Seattle has officially begun the expansion process, submitting their bid to the NHL to be the 32nd, and hopefully final, NHL team. If/When that bid is accepted, the club will fork over $640 in expansion fees to the league’s 31 owners –something that won’t be shared with the players, which is just on them for terrible negotiating skills– and then the expansion draft process will begin. All signs point to the same process as with Vegas.
With those same rules in place, it means that first and second year pros are going to be exempt. Any young NHL player the Rangers acquire during this year’s expansion draft will need to be protected at the expansion draft. Assuming the same 7-3-1 format, things could get a little dicey.

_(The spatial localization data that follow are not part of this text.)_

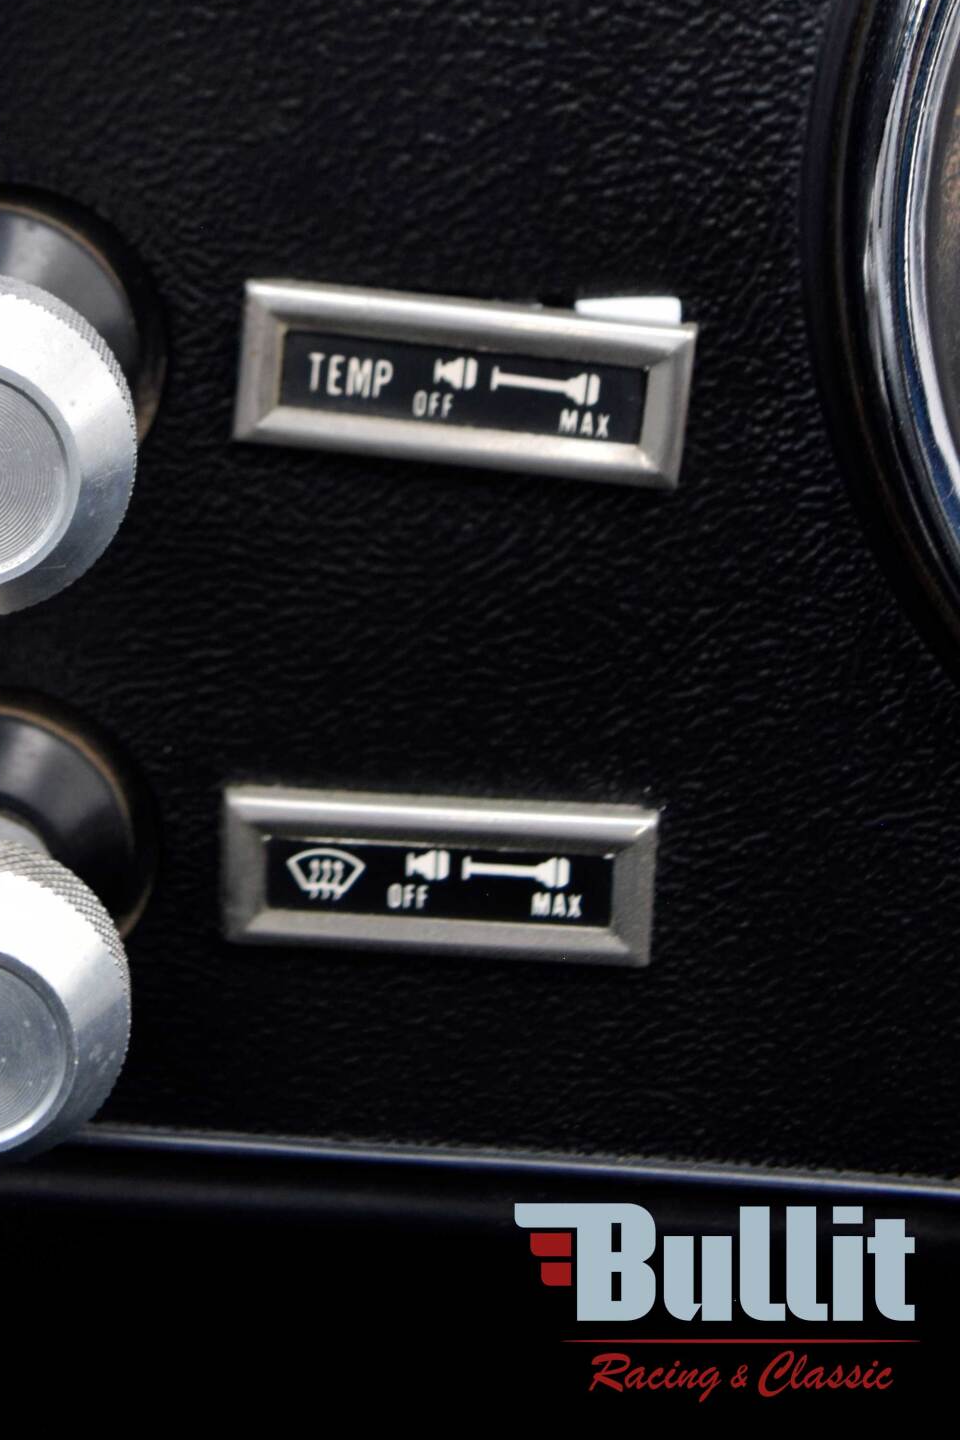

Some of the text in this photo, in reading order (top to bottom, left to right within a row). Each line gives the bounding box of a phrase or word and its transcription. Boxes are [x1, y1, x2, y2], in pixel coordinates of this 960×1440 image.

[308, 352, 394, 399] TEMP
[412, 390, 611, 439] OFF MAX
[386, 883, 583, 919] OFF MAX
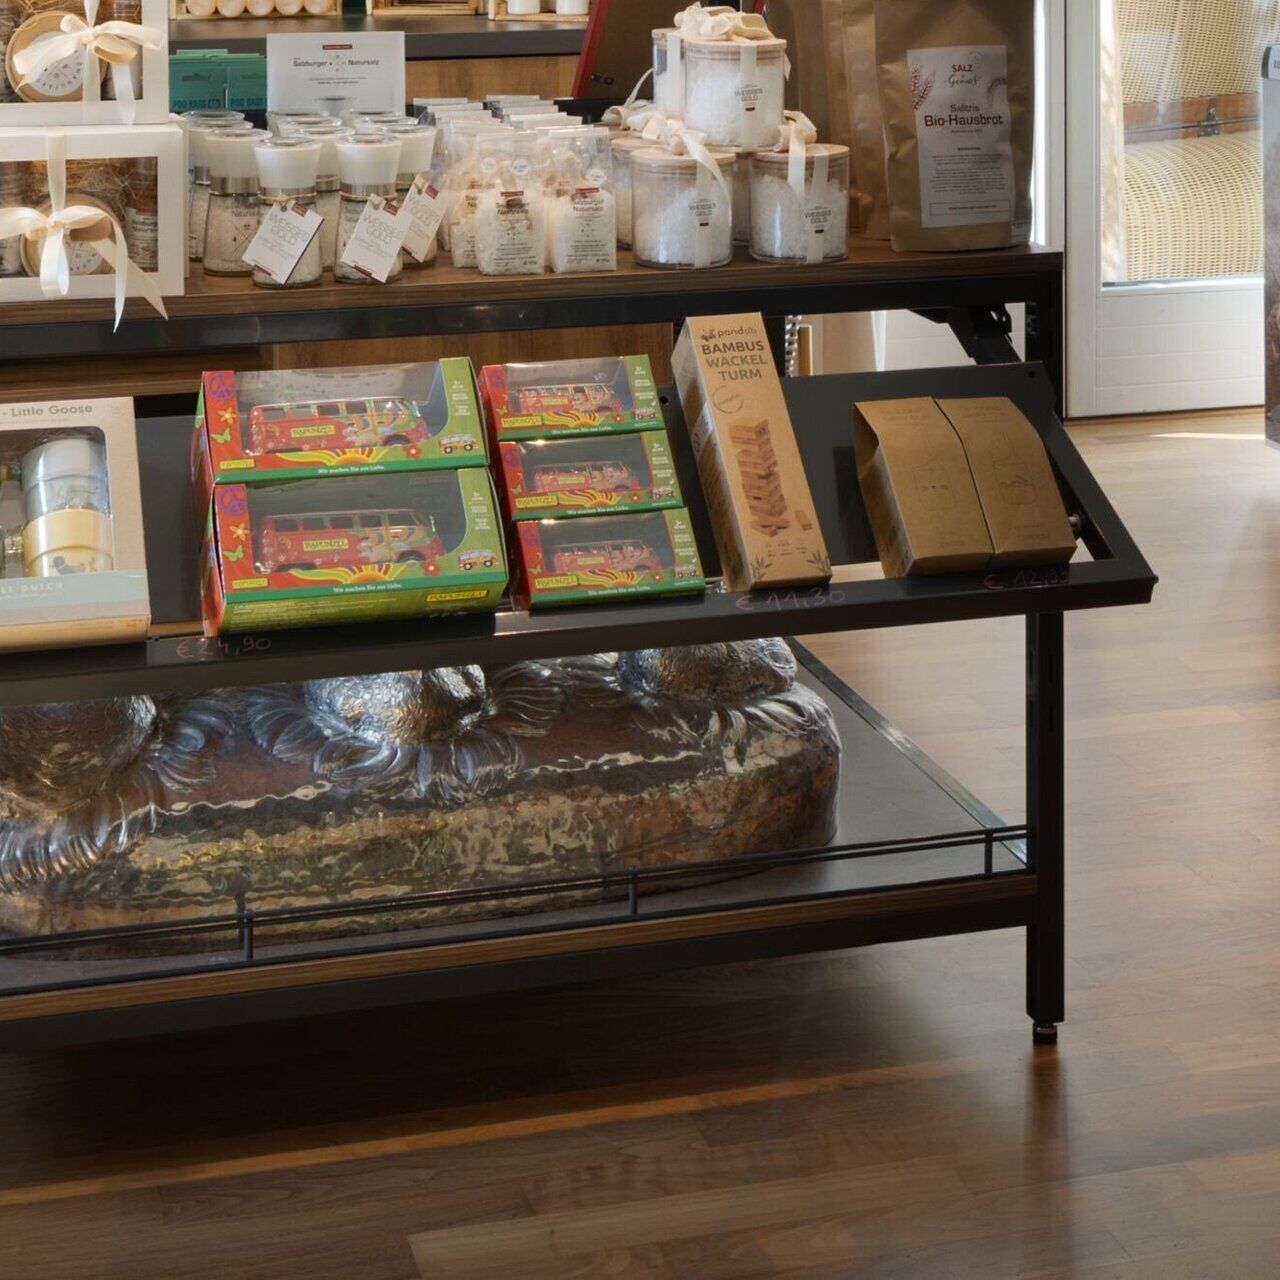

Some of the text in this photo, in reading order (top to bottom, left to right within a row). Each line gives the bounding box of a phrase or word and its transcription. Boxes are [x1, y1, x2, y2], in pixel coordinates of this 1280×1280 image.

[951, 64, 973, 72] SALZ
[950, 104, 980, 113] Salitris
[924, 114, 1004, 127] Bio-Hausbrot
[701, 341, 765, 355] BAMBUS
[706, 355, 768, 368] WACKEL
[718, 369, 762, 381] TURM
[11, 405, 43, 417] Little
[48, 404, 93, 415] Goose
[21, 582, 64, 593] DUTCH
[428, 591, 487, 601] RAPUNZEL
[735, 594, 756, 610] €
[176, 641, 194, 659] €
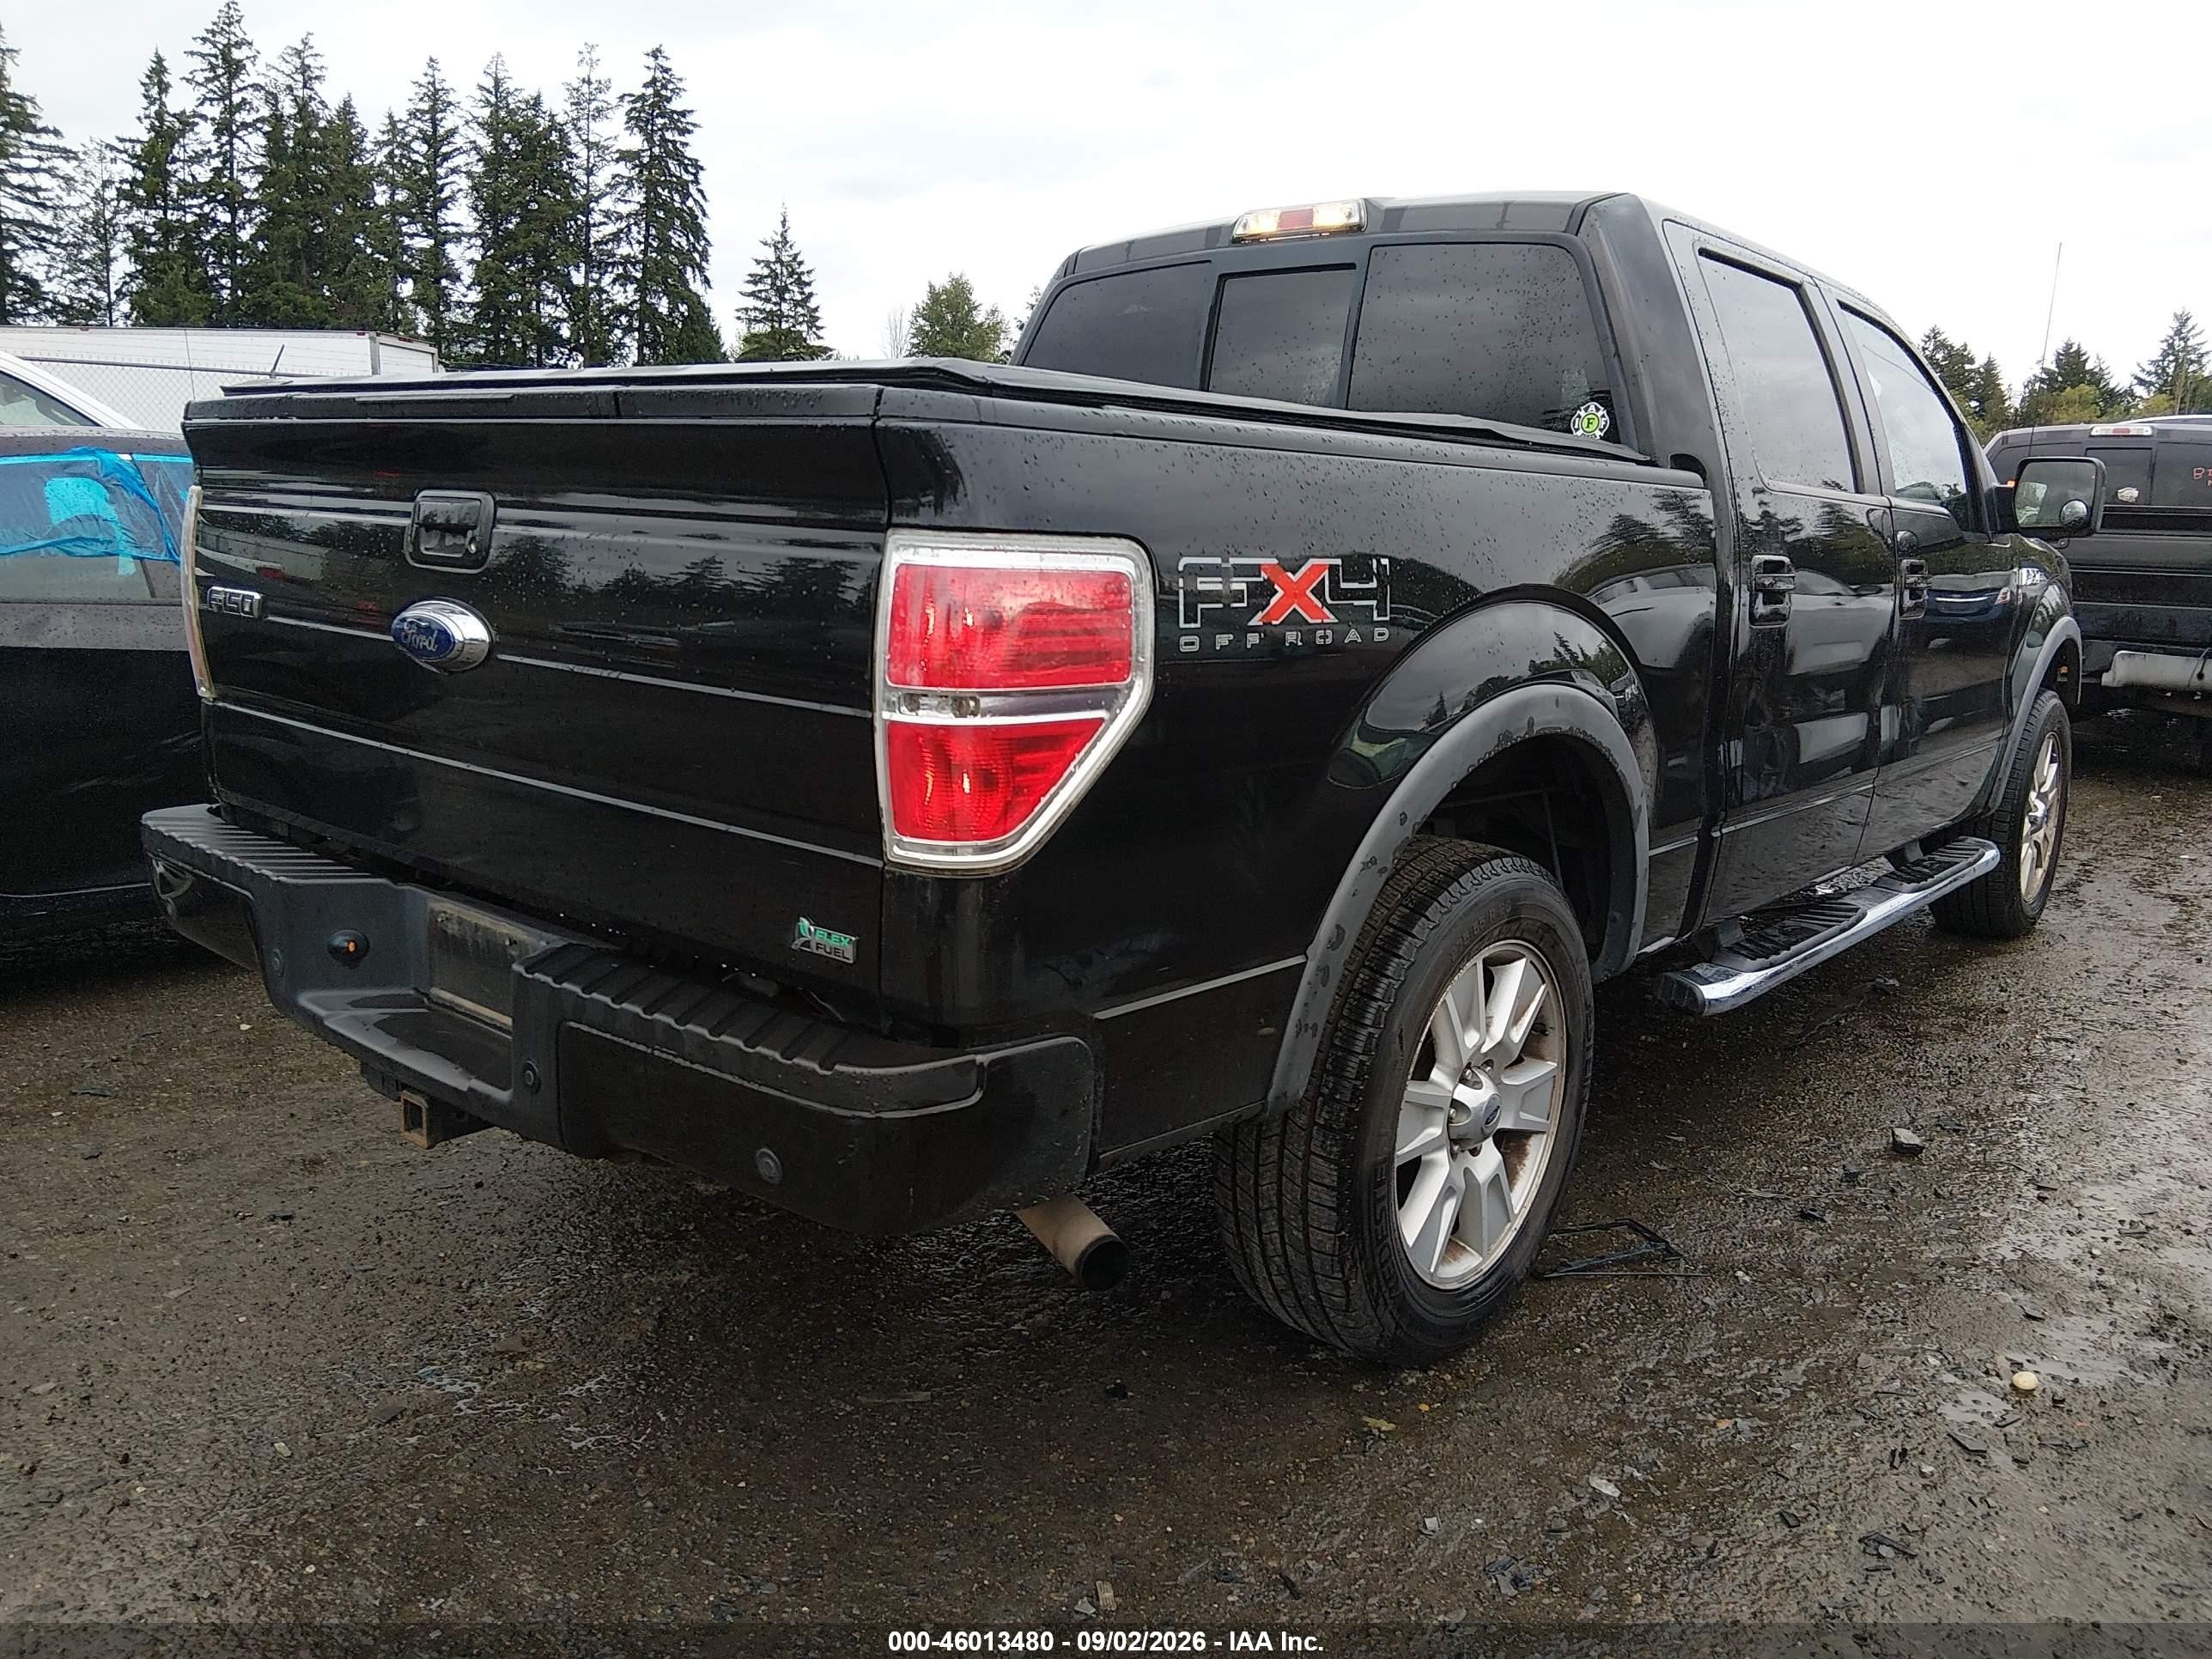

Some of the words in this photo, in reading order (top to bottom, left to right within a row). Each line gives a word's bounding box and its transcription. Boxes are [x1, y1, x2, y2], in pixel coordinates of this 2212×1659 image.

As an aside, this might be the reason why we don’t see Filip Chytil or Lias Andersson until next season. Their North American “pro years” don’t start until their ELC contracts stop sliding. It’s a weird loophole, but if it means they don’t need to be protected, then I’m all for it.
Looking at some of the potential deals we’ve already spoken about, the Rangers might be in for some difficult decisions if they don’t plan properly. Using Boston/McDonagh as an example, any roster player they acquire (we discussed Matt Grzelcyk, Danton Heinen, Brandon Carlo, and Jake DeBrusk) would need to be protected. Double the trouble if it’s a pair of roster players.
It’s probably a good problem to have, but it’s something that Jeff Gorton will need to navigate as he strikes deals at the deadline. This might be less of a concern for the pure rentals like Rick Nash, where the going price rarely includes young players off the NHL roster.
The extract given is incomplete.